Return all of the following entries as written, but without the images.
Provided data START
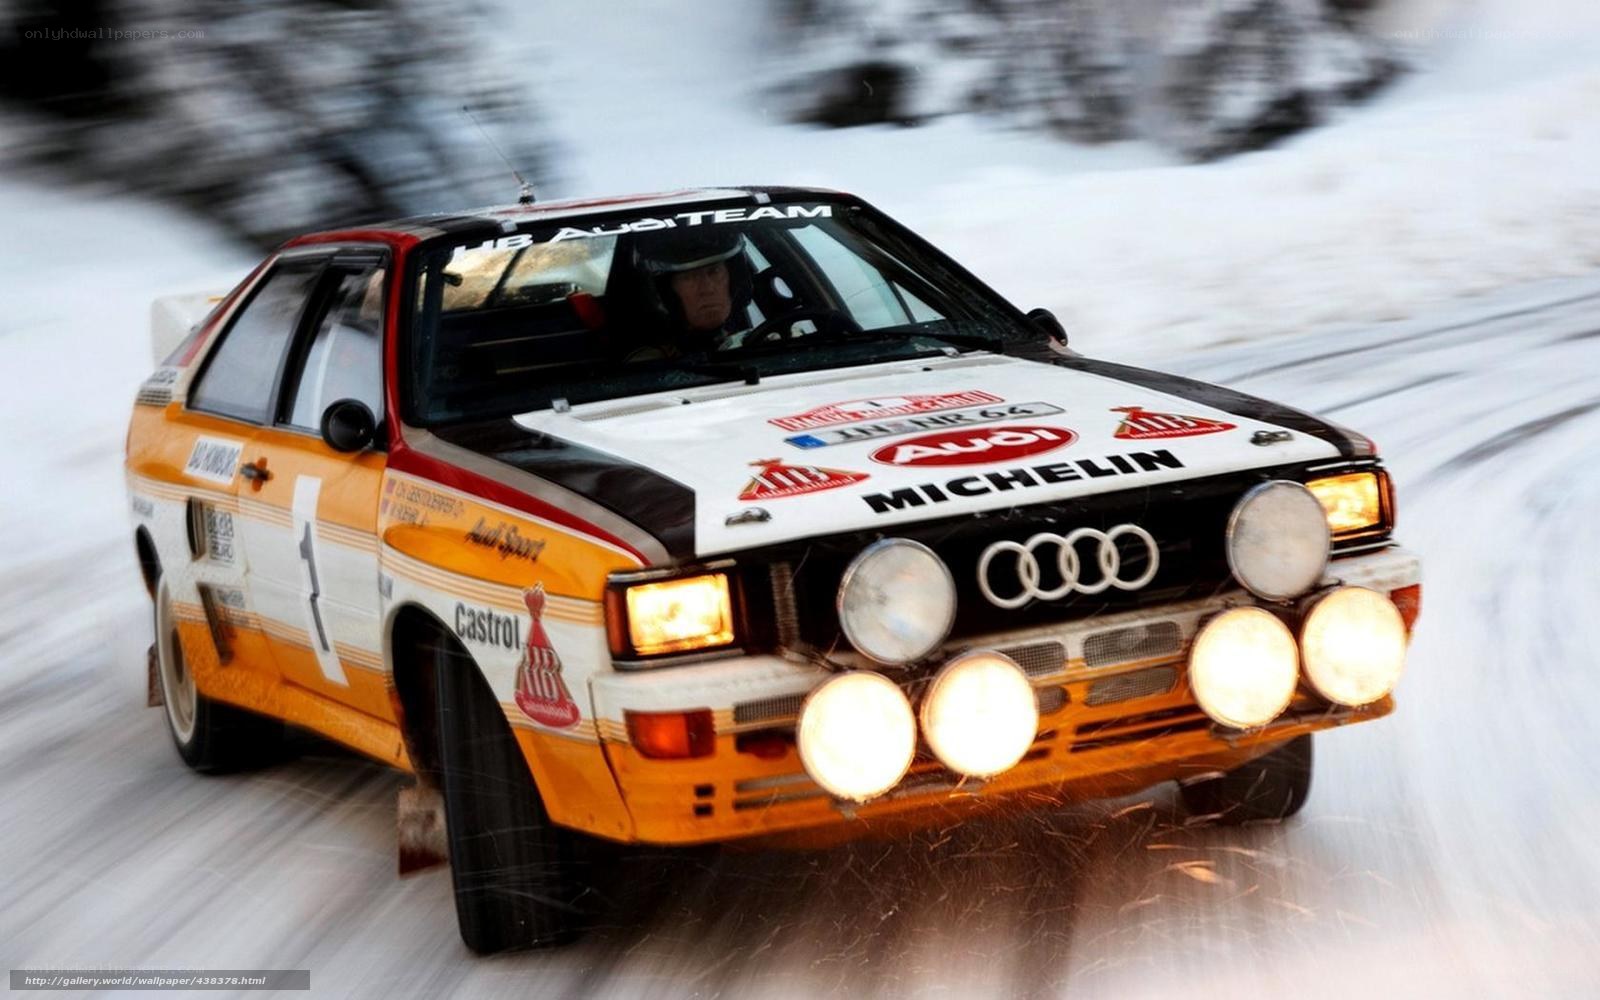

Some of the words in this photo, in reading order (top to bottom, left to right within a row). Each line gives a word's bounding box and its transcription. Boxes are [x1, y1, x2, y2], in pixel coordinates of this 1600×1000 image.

[676, 205, 832, 226] TEAM
[980, 404, 1034, 419] 64
[862, 449, 1184, 514] MICHELIN
[454, 601, 521, 650] Castrol
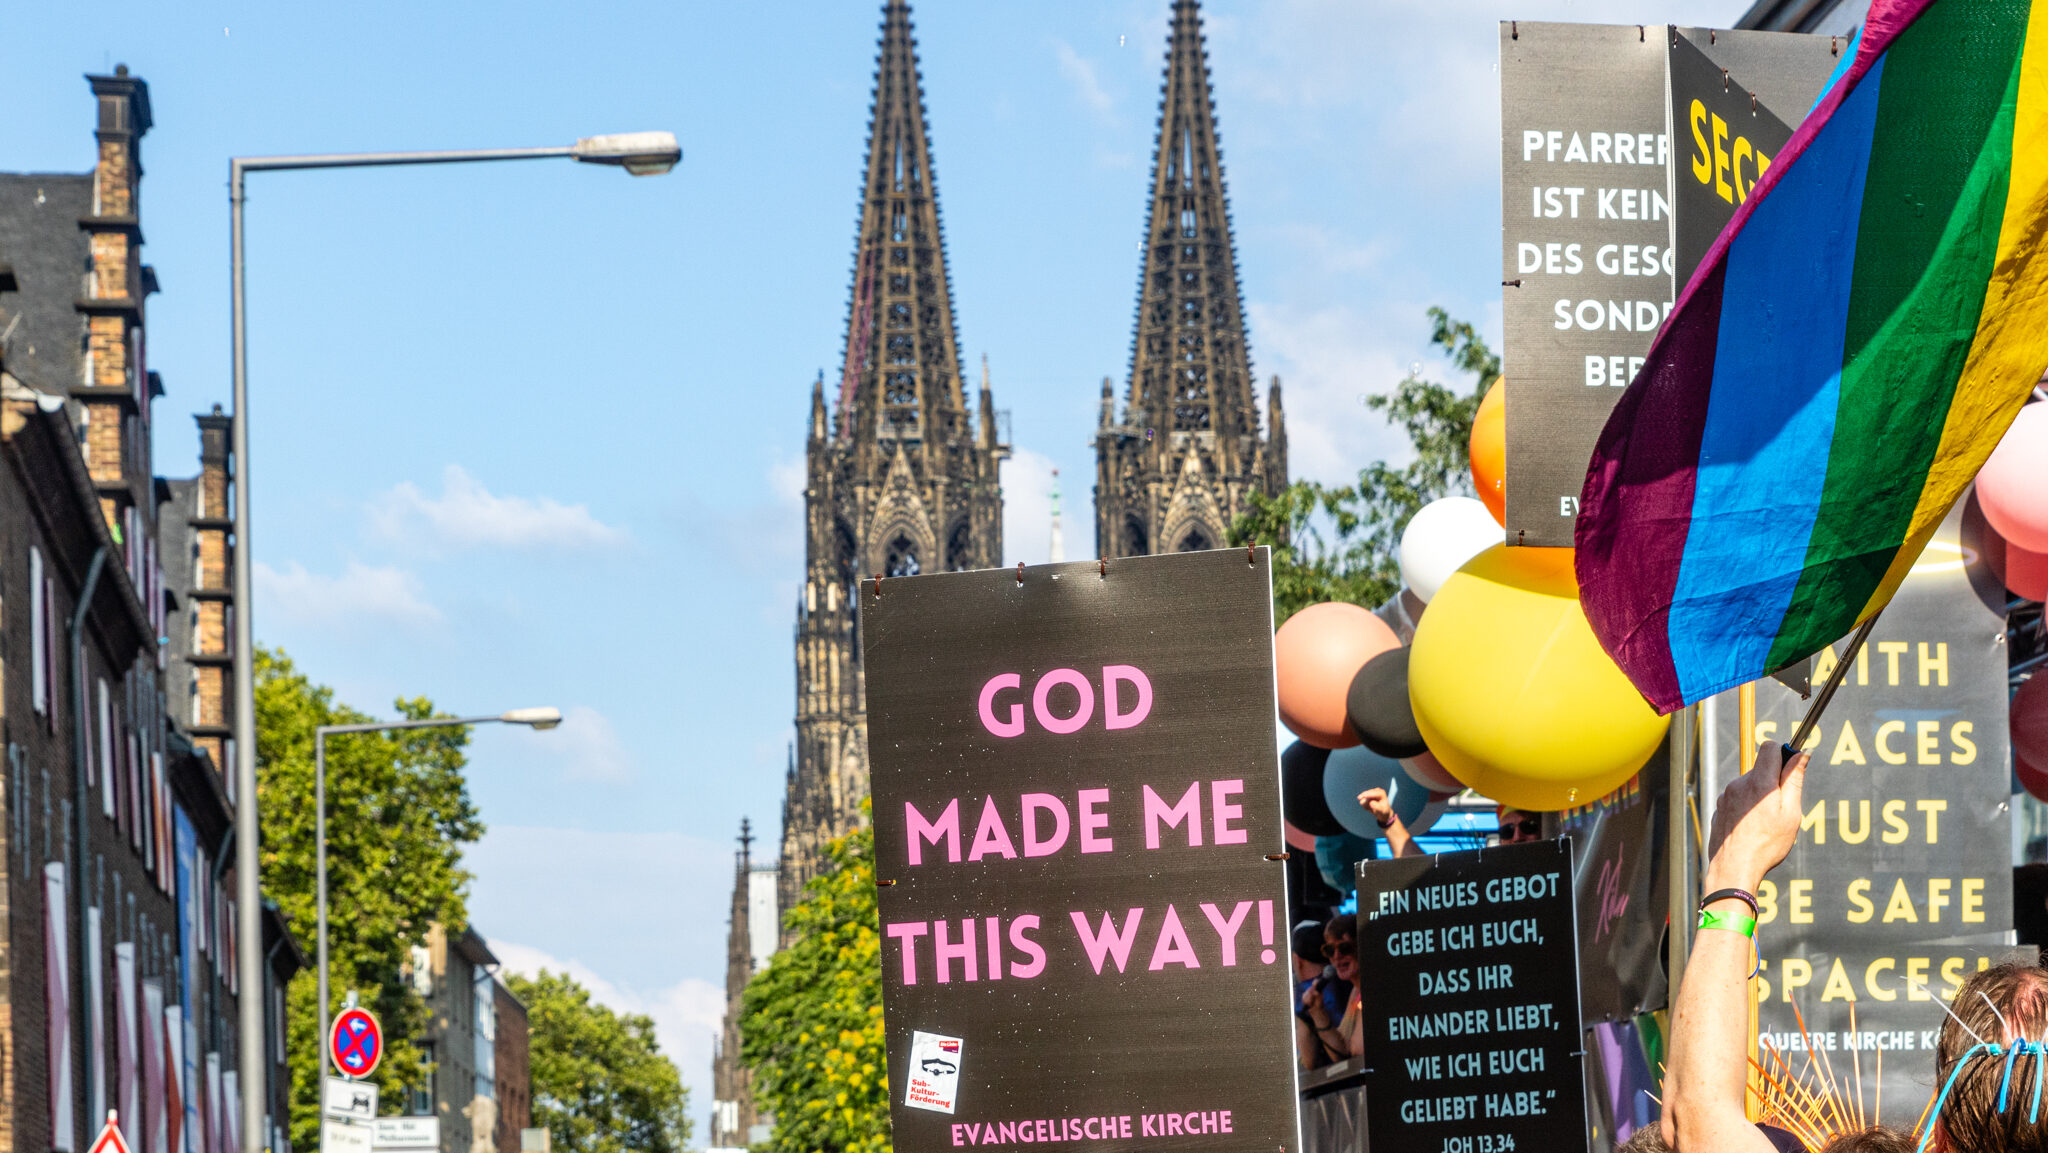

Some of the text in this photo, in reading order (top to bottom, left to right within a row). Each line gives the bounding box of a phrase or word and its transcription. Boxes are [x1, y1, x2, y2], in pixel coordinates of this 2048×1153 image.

[1533, 187, 1584, 218] IST
[1518, 243, 1583, 274] DES
[1811, 642, 1948, 686] AITH
[978, 665, 1153, 737] GOD
[905, 779, 1247, 865] MADE ME
[1417, 882, 1478, 911] NEUES
[1486, 873, 1559, 902] GEBOT
[1757, 879, 1814, 924] BE
[1848, 878, 1984, 923] SAFE
[887, 900, 1276, 985] THIS WAY!
[1388, 919, 1543, 956] GEBE ICH EUCH,
[1419, 965, 1513, 995] DASS IHR
[1390, 1004, 1558, 1040] EINANDER LIEBT,
[1758, 1031, 1837, 1051] QUEERE
[1843, 1031, 1913, 1050] KIRCHE
[1405, 1048, 1544, 1080] WIE ICH EUCH
[911, 1086, 940, 1096] Kultur-
[912, 1079, 931, 1087] Sub-
[910, 1094, 950, 1108] Förderung
[1401, 1096, 1477, 1123] GELIEBT
[952, 1111, 1232, 1146] EVANGELISCHE KIRCHE
[1442, 1134, 1515, 1153] JOH 13,34
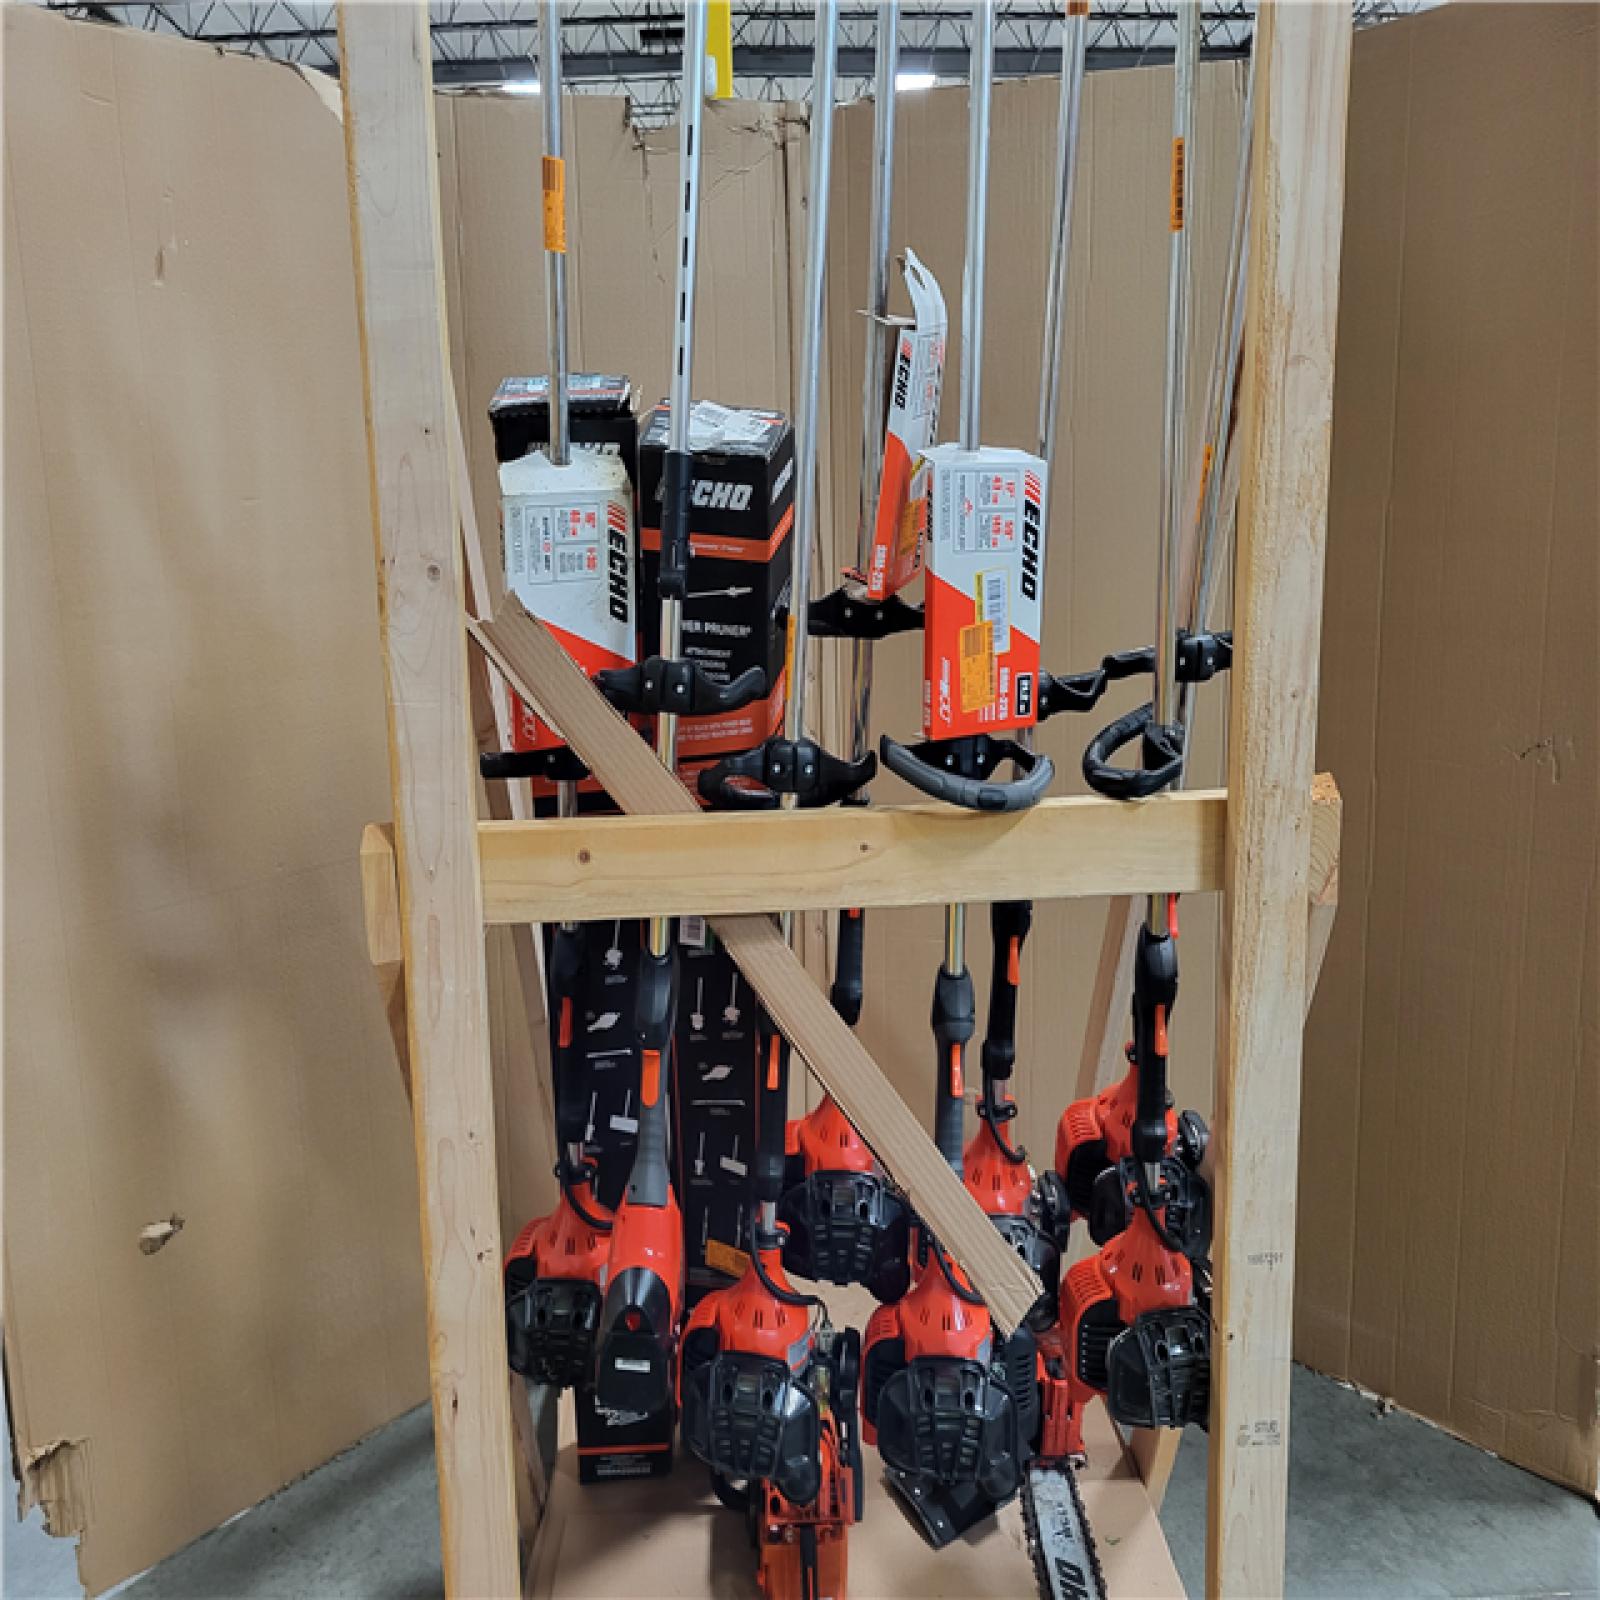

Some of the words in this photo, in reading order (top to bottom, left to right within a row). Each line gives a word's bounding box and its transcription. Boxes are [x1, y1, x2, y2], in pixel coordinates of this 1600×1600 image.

[894, 353, 911, 411] ECHO
[690, 478, 753, 511] CHO
[608, 528, 628, 624] ECHO
[1022, 499, 1041, 601] ECHO
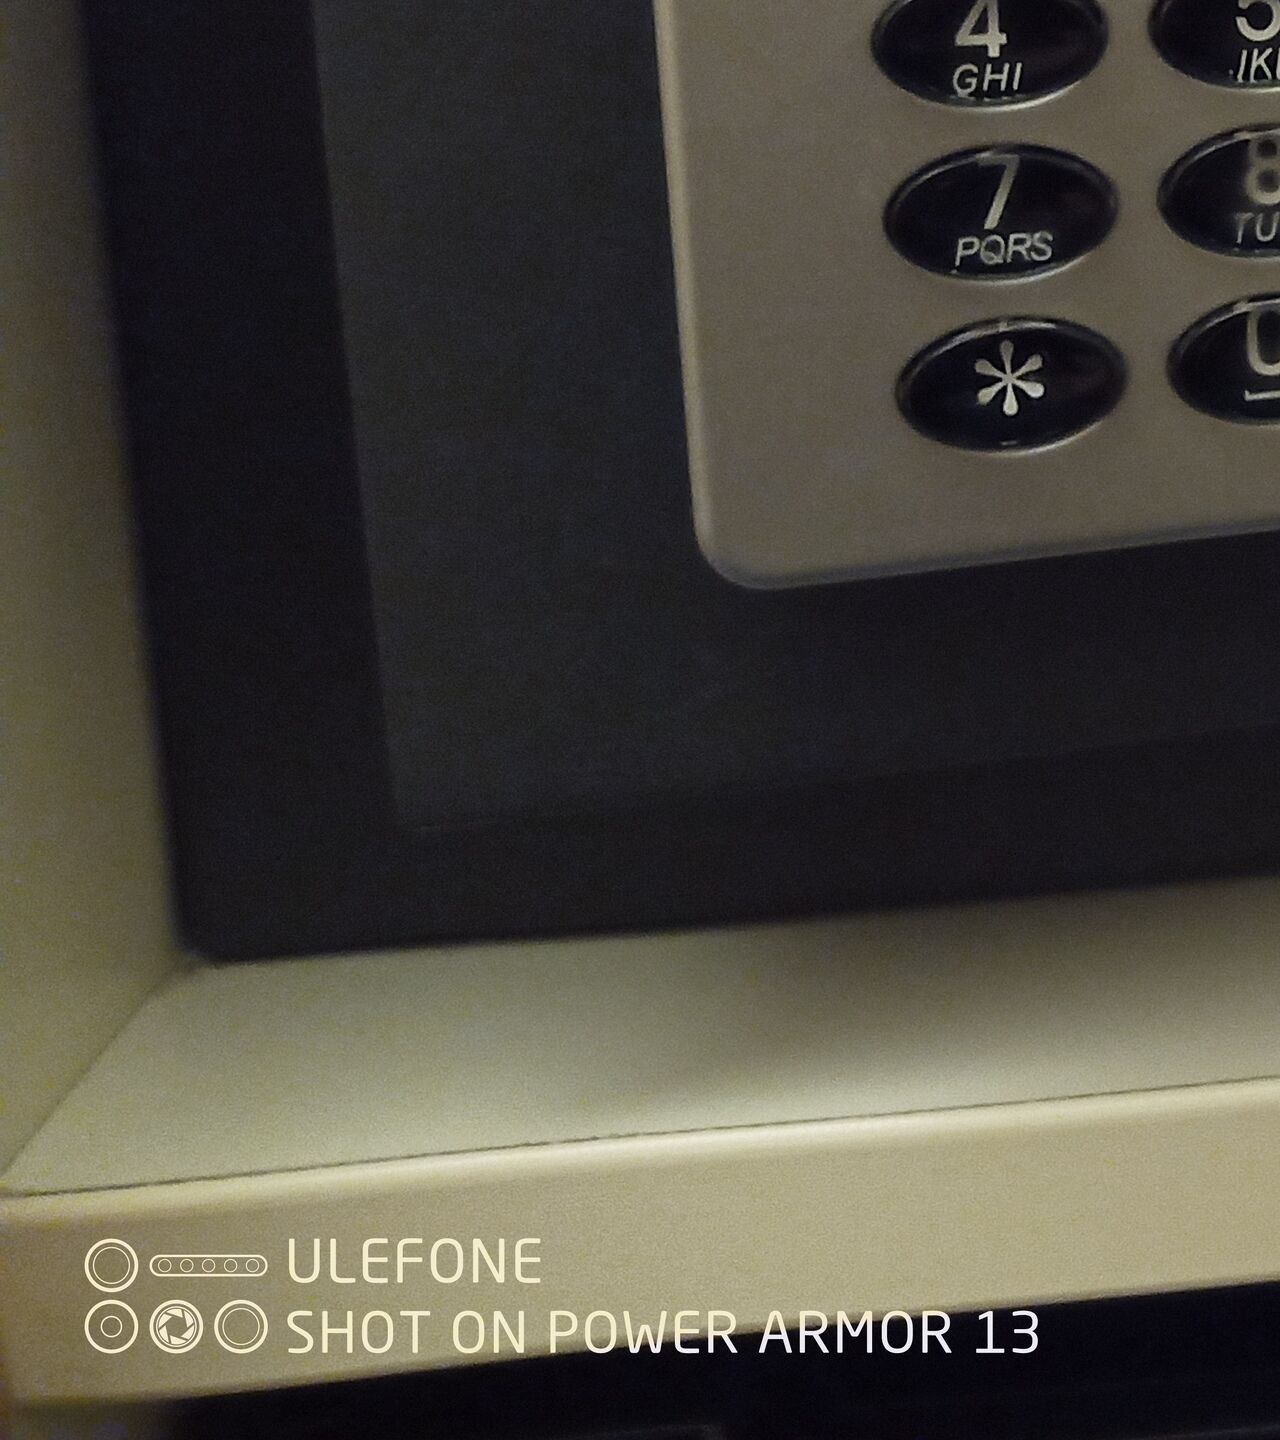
Provided data END
* Response:
Some of the words in this photo, in reading order (top to bottom, left to right within a row). Each line gives a word's bounding box and its transcription. Boxes are [x1, y1, x2, y2], in pixel coordinates of this 1600×1000 image.

[676, 205, 832, 226] TEAM
[980, 404, 1034, 419] 64
[862, 449, 1184, 514] MICHELIN
[454, 601, 521, 650] Castrol

Some of the text in this photo, in reading order (top to bottom, left to right within a row). Each line gives the bounding box of a phrase or word and its transcription. Boxes are [x1, y1, x2, y2], in pixel coordinates of this 2048×1153 image.

[1533, 187, 1584, 218] IST
[1518, 243, 1583, 274] DES
[1811, 642, 1948, 686] AITH
[978, 665, 1153, 737] GOD
[905, 779, 1247, 865] MADE ME
[1417, 882, 1478, 911] NEUES
[1486, 873, 1559, 902] GEBOT
[1757, 879, 1814, 924] BE
[1848, 878, 1984, 923] SAFE
[887, 900, 1276, 985] THIS WAY!
[1388, 919, 1543, 956] GEBE ICH EUCH,
[1419, 965, 1513, 995] DASS IHR
[1390, 1004, 1558, 1040] EINANDER LIEBT,
[1758, 1031, 1837, 1051] QUEERE
[1843, 1031, 1913, 1050] KIRCHE
[1405, 1048, 1544, 1080] WIE ICH EUCH
[911, 1086, 940, 1096] Kultur-
[912, 1079, 931, 1087] Sub-
[910, 1094, 950, 1108] Förderung
[1401, 1096, 1477, 1123] GELIEBT
[952, 1111, 1232, 1146] EVANGELISCHE KIRCHE
[1442, 1134, 1515, 1153] JOH 13,34

Some of the words in this photo, in reading order (top to bottom, left to right within a row). Each line gives a word's bounding box and its transcription. Boxes are [x1, y1, x2, y2], in pixel coordinates of this 1600×1600 image.

[894, 353, 911, 411] ECHO
[690, 478, 753, 511] CHO
[608, 528, 628, 624] ECHO
[1022, 499, 1041, 601] ECHO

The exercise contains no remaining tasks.